Task statement
Extract each record and reproduce it exactly.

Supplied material
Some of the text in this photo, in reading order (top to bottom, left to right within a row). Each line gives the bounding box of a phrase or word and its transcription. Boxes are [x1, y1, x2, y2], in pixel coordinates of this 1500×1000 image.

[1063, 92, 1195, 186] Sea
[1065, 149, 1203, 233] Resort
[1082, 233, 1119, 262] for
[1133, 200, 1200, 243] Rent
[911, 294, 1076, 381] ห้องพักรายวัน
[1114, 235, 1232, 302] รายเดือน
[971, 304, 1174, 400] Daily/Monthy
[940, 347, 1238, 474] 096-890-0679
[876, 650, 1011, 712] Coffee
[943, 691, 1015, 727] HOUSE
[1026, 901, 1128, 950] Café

Task output
Some of the text in this photo, in reading order (top to bottom, left to right within a row). Each line gives the bounding box of a phrase or word and its transcription. Boxes are [x1, y1, x2, y2], in pixel coordinates of this 1500×1000 image.

[1063, 92, 1195, 186] Sea
[1065, 149, 1203, 233] Resort
[1082, 233, 1119, 262] for
[1133, 200, 1200, 243] Rent
[911, 294, 1076, 381] ห้องพักรายวัน
[1114, 235, 1232, 302] รายเดือน
[971, 304, 1174, 400] Daily/Monthy
[940, 347, 1238, 474] 096-890-0679
[876, 650, 1011, 712] Coffee
[943, 691, 1015, 727] HOUSE
[1026, 901, 1128, 950] Café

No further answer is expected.